# Data Cleaning with Pandas

In [187]:
import pandas as pd

## Scenario

As data scientists, we want to build a model to predict the sale price of a house in Seattle in 2019, based on its square footage. We know that the King County Department of Assessments has comprehensive data available on real property sales in the Seattle area. We need to prepare the data.

### First, get the data!

When working on a project involving data that can fit on our computer, we store it in a `data` directory.

```bash
cd <project_directory>  # example: cd ~/flatiron_ds/pandas-3
mkdir data
cd data
```

Note that `<project_directory>` in angle brackets is a _placeholder_. You should type the path to the actual location on your computer where you're working on this project. Do not literally type `<project_directory>` and _do not type the angle brackets_. You can see an example in the _comment_ to the right of the command above.

Now, we'll need to download the two data files that we need. We can do this at the command line:

```bash
wget https://aqua.kingcounty.gov/extranet/assessor/Real%20Property%20Sales.zip
wget https://aqua.kingcounty.gov/extranet/assessor/Residential%20Building.zip
```

*Note:* If you do not have the `wget` command yet, you can install it: `brew install wget`.

Note that `%20` in a URL translates into a space. Even though you will *never put spaces in filenames*, you may need to deal with spaces that _other_ people have used in filenames.

There are two ways to handle the spaces in these filenames when referencing them at the command line.

#### 1. You can _escape_ the spaces by putting a backslash (`\`, remember _backslash is next to backspace_) before each one:

`unzip Real\ Property\ Sales.zip`

This is what happens if you tab-complete the filename in the terminal. Tab completion is your friend!

#### 2. You can put the entire filename in quotes:

`unzip "Real Property Sales.zip"`

Try unzipping these files with the `unzip` command. The `unzip` command takes one argument, the name of the tile that you want to unzip.


You can use tab completion (press the `tab` key after the first three letters) to fill in the names, including spaces. This will 

In [188]:
sales_df = pd.read_csv('data/EXTR_RPSale.csv')

  interactivity=interactivity, compiler=compiler, result=result)


### Seeing pink?
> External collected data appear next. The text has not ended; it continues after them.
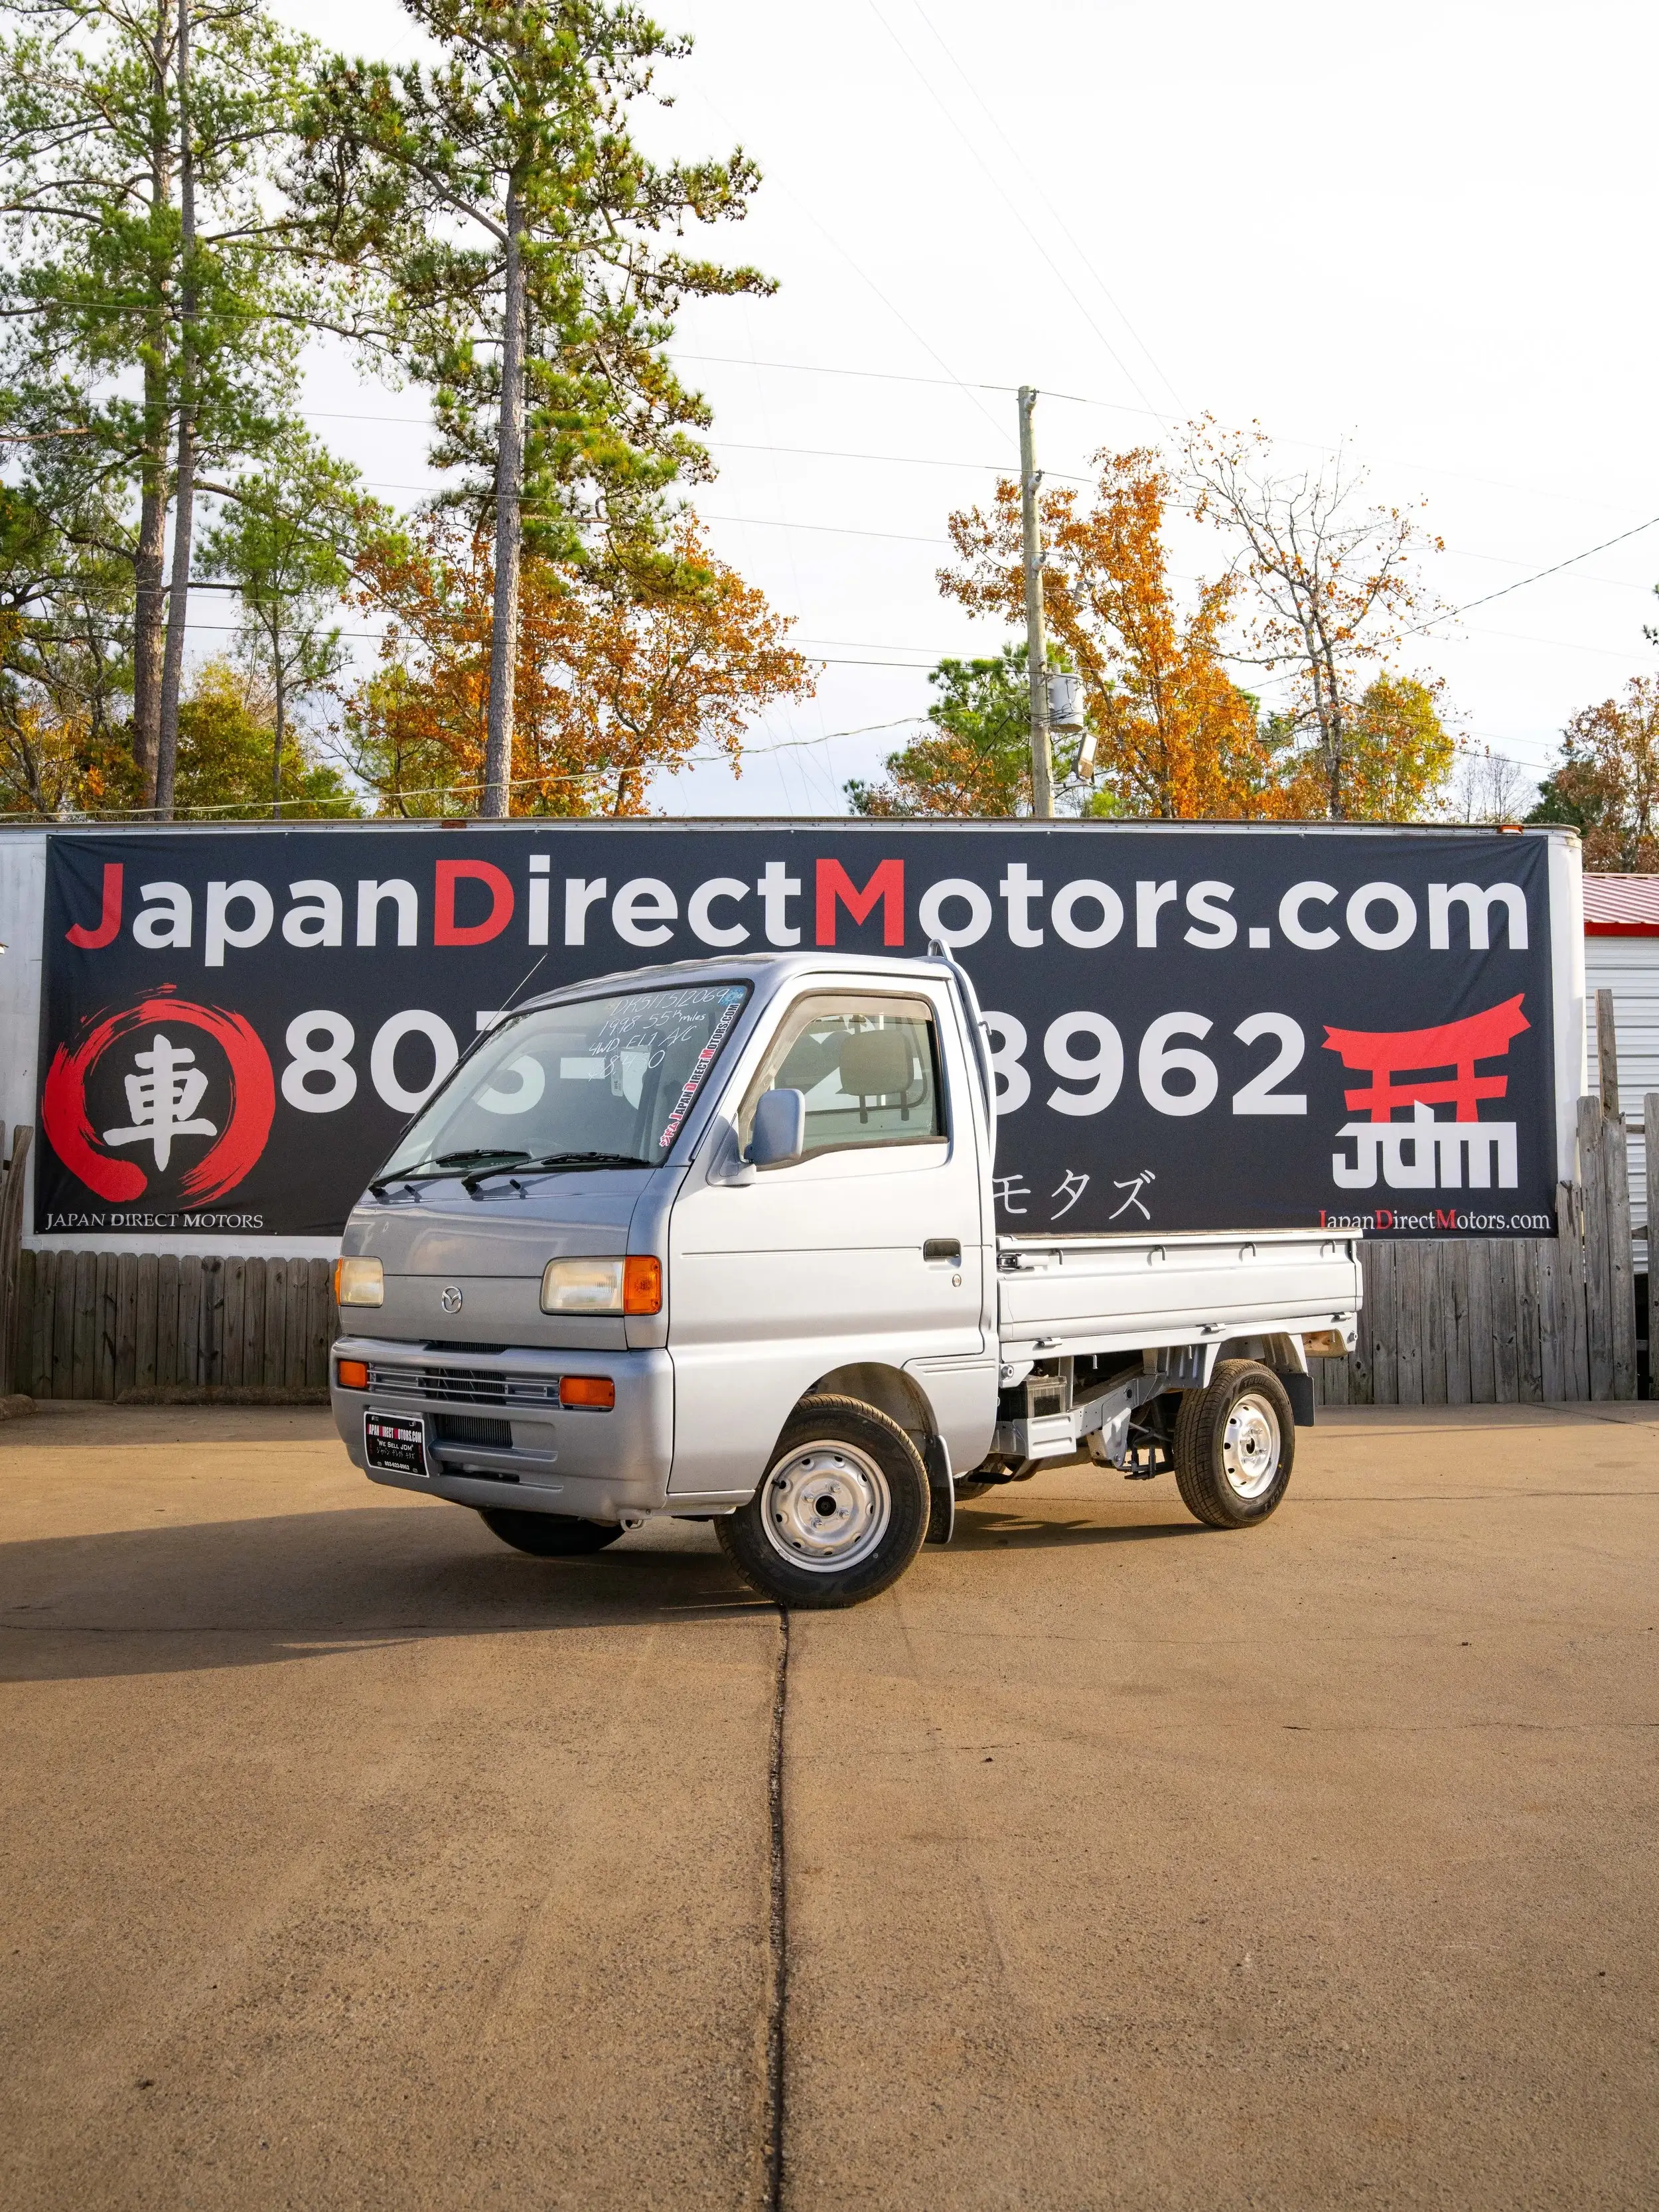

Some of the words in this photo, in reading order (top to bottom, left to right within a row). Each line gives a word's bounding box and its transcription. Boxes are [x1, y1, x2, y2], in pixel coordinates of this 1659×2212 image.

[65, 855, 1528, 966] JapanDirectMotors.com
[599, 1015, 642, 1037] 1998
[679, 1011, 707, 1023] miles
[589, 1037, 620, 1056] 4WD
[102, 1034, 218, 1172] 車
[45, 1213, 106, 1230] JAPAN
[110, 1213, 179, 1226] DIRECT
[182, 1214, 263, 1228] MOTORS
[1318, 1209, 1551, 1230] JapanDirectMotors.com
Warnings are useful!

Note the warning above: `DtypeWarning: Columns (1, 2) have mixed types.` Because we start with an index of zero, the columns that we're being warned about are actually the _second_ and _third_ columns, `sales_df['Major']` and `sales_df['Minor']`.

In [189]:
sales_df.head().T

Unnamed: 0,0,1,2,3,4
ExciseTaxNbr,2687551,1235111,2704079,2584094,1056831
Major,138860,664885,423943,403700,951120
Minor,110,40,50,715,900
DocumentDate,08/21/2014,07/09/1991,10/11/2014,01/04/2013,04/20/1989
SalePrice,245000,0,0,0,85000
RecordingNbr,20140828001436,199203161090,20141205000558,20130110000910,198904260448
Volume,,071,,,117
Page,,001,,,053
PlatNbr,,664885,,,951120
PlatType,,C,,,P


### Data overload?

That's a lot of columns. We're only interested in identifying the date, sale price, and square footage of each specific property. What can we do?

In [190]:
sales_df = sales_df[['Major', 'Minor', 'DocumentDate', 'SalePrice']]

In [191]:
sales_df.info()

<class 'pandas.core.frame.DataFrame'>
RangeIndex: 2031737 entries, 0 to 2031736
Data columns (total 4 columns):
Major           object
Minor           object
DocumentDate    object
SalePrice       int64
dtypes: int64(1), object(3)
memory usage: 62.0+ MB


In [192]:
bldg_df = pd.read_csv('data/Residential Building.zip')

  interactivity=interactivity, compiler=compiler, result=result)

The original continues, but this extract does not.